Insects are often a nuisance that can become a plague. There are many species of flies, each with its own particularities and behavior, but they have common characteristics such as the type of reproductive cycle.
The adults found flying represent only about 1% of the population and are responsible for the reproductive phase. They mate and lay anywhere from a few dozen to a few thousand eggs on surfaces rich in organic matter with high humidity. Under favorable conditions, the eggs hatch and produce larvae (more than 50% of the population) that feed on this substrate and undergo various larval stages. Once mature, the larvae will pupate, i.e. become a pupa (about 30% of the population), which, through metamorphosis, will become a new adult fly. The duration of this whole process varies. A house fly, under favorable conditions, can complete this cycle in just one week, i.e. a fly can multiply by a few hundred in a single week, a few thousand in 15 days, and become a real problem before we even realize it.
In which areas does most of this cycle take place?
In places with abundant organic matter and high humidity, such as manure piles, slurry pits and ponds, corners of stabling areas, or carcass containers. Pits and ponds with crust and solid materials will be the most critical points because when the material is more liquid it is harder for the larvae to grow and to pupate.
Why do flies pose a risk?
The pilose body of adult flies facilitates the adhesion of many microorganisms they carry from one place to another, increasing the risk of pathogen contamination on the surfaces where they land.

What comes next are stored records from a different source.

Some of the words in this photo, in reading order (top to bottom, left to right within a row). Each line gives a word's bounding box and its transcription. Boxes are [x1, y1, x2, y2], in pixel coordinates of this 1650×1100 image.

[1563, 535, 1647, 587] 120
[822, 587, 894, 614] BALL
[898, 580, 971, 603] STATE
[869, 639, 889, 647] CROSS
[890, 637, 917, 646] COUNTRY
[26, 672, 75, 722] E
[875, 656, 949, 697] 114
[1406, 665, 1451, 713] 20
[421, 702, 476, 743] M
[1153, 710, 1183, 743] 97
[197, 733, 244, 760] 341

In most cases, they have a mouthpart shaped like a proboscis which first secretes saliva that dissolves the organic matter used as food and then licks it up. In species that feed on blood, the secreted saliva contains an anticoagulant factor that ensures greater blood flow, and therefore more food.

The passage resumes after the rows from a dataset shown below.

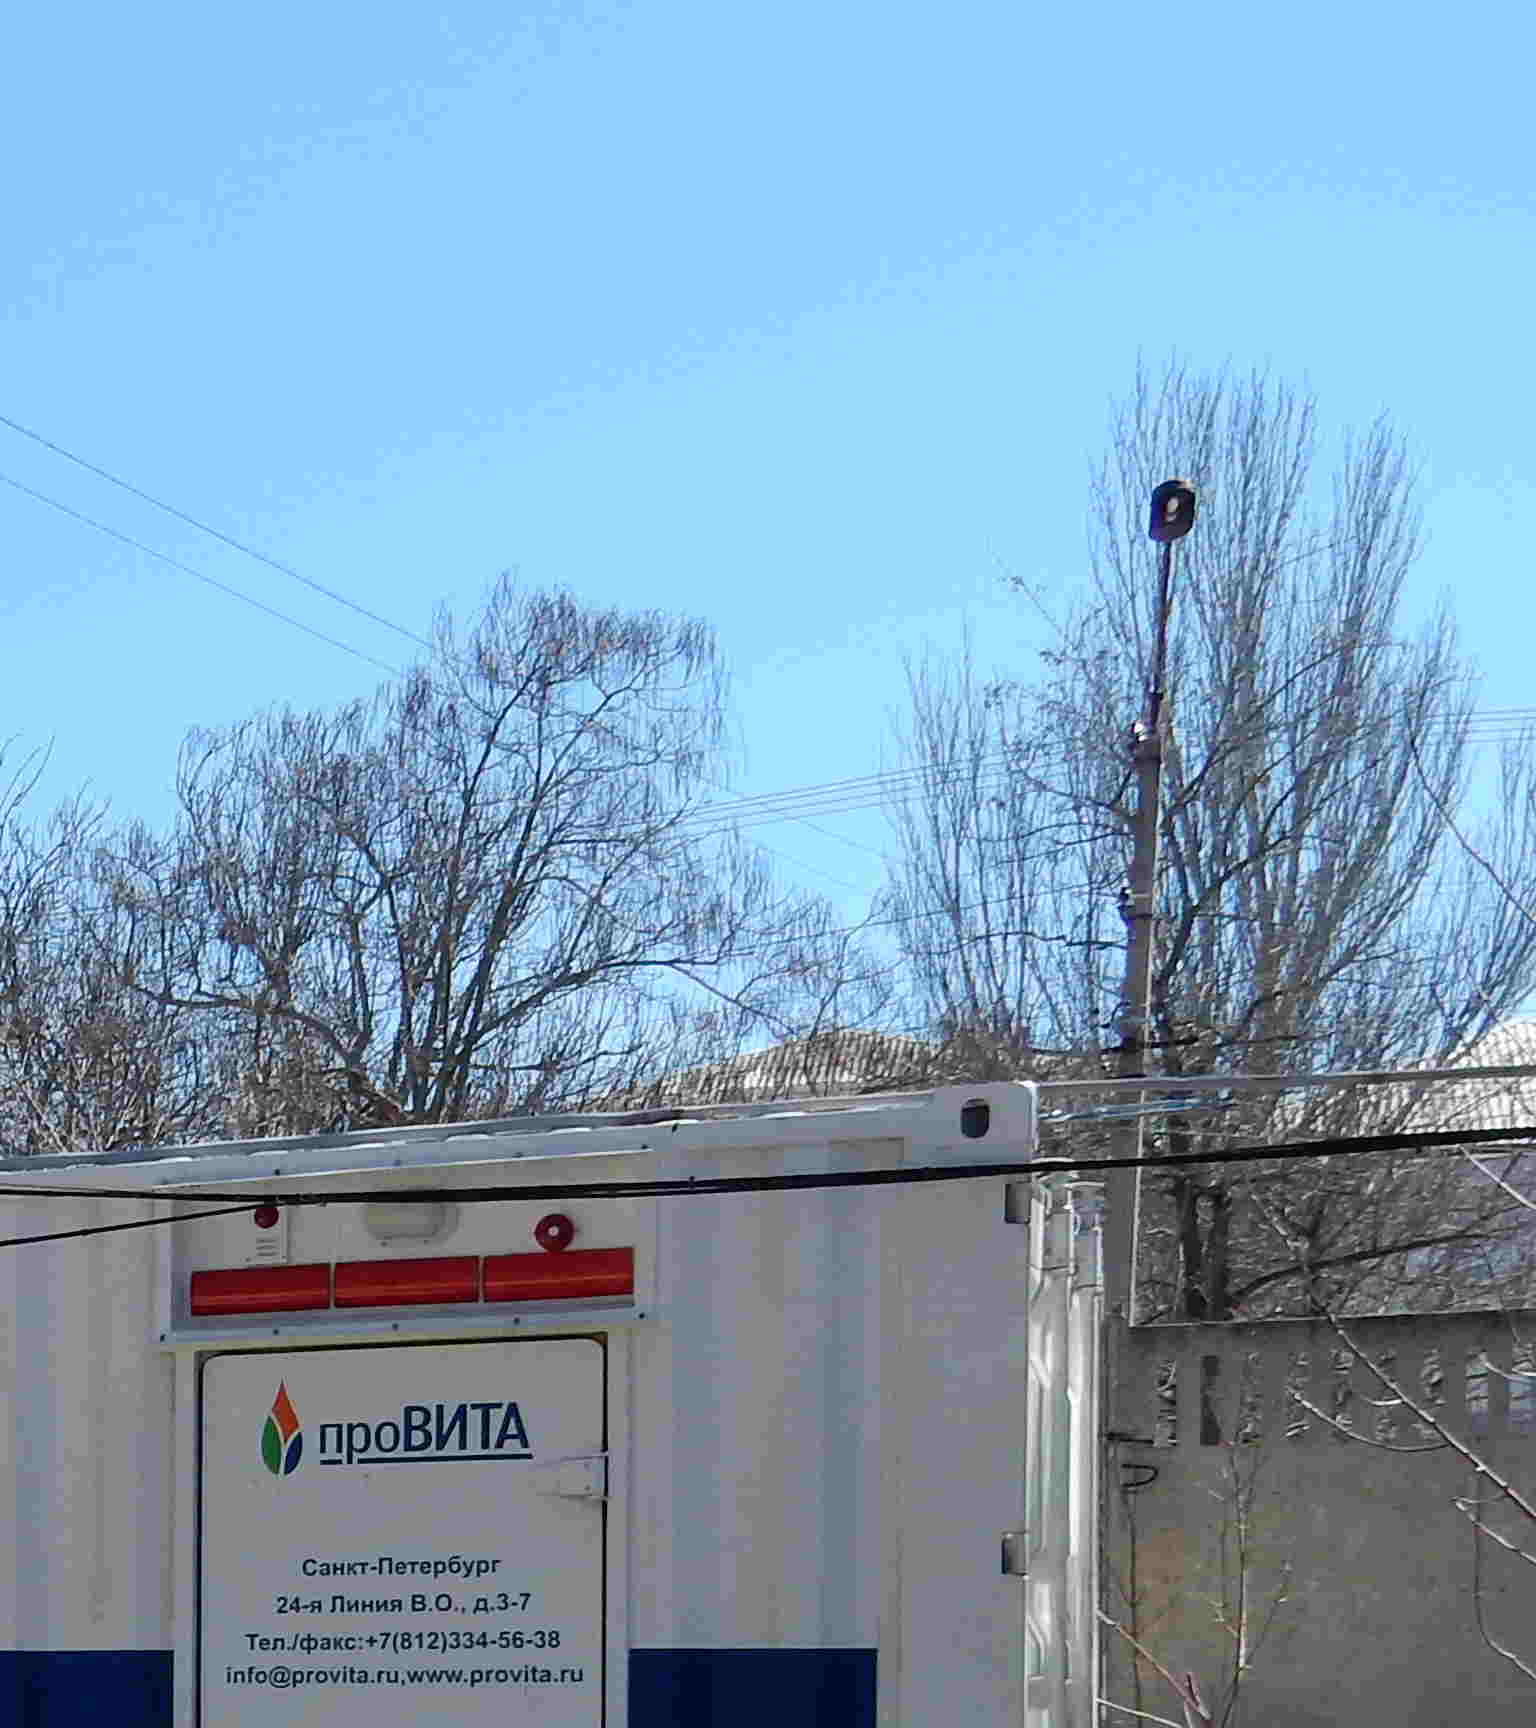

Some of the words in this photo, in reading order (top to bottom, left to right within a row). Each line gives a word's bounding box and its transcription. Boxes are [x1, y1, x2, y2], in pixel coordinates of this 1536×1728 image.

[319, 1402, 530, 1464] проВИТА
[302, 1556, 501, 1578] Санкт-Петербург
[276, 1596, 322, 1614] 24-я
[330, 1595, 403, 1613] Линия
[411, 1593, 466, 1614] В.О.,
[473, 1592, 531, 1614] д.3-7
[245, 1630, 562, 1654] Тел./факс:+7(812)334-56-38
[226, 1664, 585, 1689] info@provita.ru,www.provita.ru

Their food sources usually have characteristics that facilitate the proliferation of microorganisms, which makes their role as vectors of infectious or parasitic diseases very significant.
Diseases that can be transmitted by flies include dysentery, salmonellosis, typhoid fever, myiasis, neonatal diarrhea, parasitosis, and intestinal amebiasis. In some diseases, flies act as hosts, playing a role in the pathogen cycle and its transmission, and in others their action as vectors is mechanical, acting as mere transporters.
In many cases, human activity provides unbeatable conditions for these insects to favor their development potential.
What fly control tools are there?
Physical control of adult flies:
- Multi-catch traps: traps with water mixed with a protein-based bait, which attracts and captures flies. Very effective for outdoor use to create perimeter barriers.
- UV light traps, which attract insects. They will be effective in poorly lit areas and at night and twilight hours. They can be:
- Bug zappers by electrocution
- Insect catchers (with adhesive film that captures flying insects)
- Sticky traps: adhesive strips, threads, tapes, etc., holders coated with an adhesive material that capture flies when they land on them.
Chemical controls:
- Larvicides: They are usually growth inhibitors that affect the larvae. They are applied on substrates where flies lay their eggs and larvae develop.
- Adulticide insecticides: to eliminate adults. They can be presented as:
- Granules made of some type of sugar treated with insecticide and attractant pheromones that are ingested by flies.
- "Paint-on" products made of some type of sugar treated with an insecticide and attractant pheromones. Flies are affected by ingestion or contact.
- Emulsifiable or ready-to-use insecticides, applied by spraying, atomization, fogging, etc.
Biologic control by using natural repellents made from plant extracts.
Control via pteromalidae, which are parasites exclusively to the fly pupa. The females lay their eggs in the fly pupa and their larvae feed on the fly undergoing metamorphosis. The result is that a new parasite is born instead of a fly, so we establish a population of parasites that will control the fly populations. These parasites will only focus their attention on the breeding sites of the flies; we will never find them on food, animals, or people.
What is the solution?
The solution is what is known as integrated control, which involves the combined use of several tools. We will begin by detecting the source of the problem, which involves determining the breeding points or where the flies are entering. Once the breeding point has been identified:
- We should evaluate implementing a physical measure, whether it be cleaning or correcting a structural element that will facilitate the elimination of the critical point, minimizing its effect.
- Or carry out a control strategy using larvicides, parasites, or both at different points.
Once this point has been addressed, the remainder of the treatment will be preventive or remedial.
As a preventive measure we can use traps outside to create a security perimeter to try to capture as many organisms as possible that try to enter, and we can also achieve some protection by using repellents at identified access points.
Remedial measures to eliminate the organisms we already have within the protection zone range from the continuous use of UV light devices to the use of insecticides where we detect the presence of adults. If a biological control strategy is being carried out, it will be necessary to minimize the use of insecticides and to use them far from the parasitoid application points.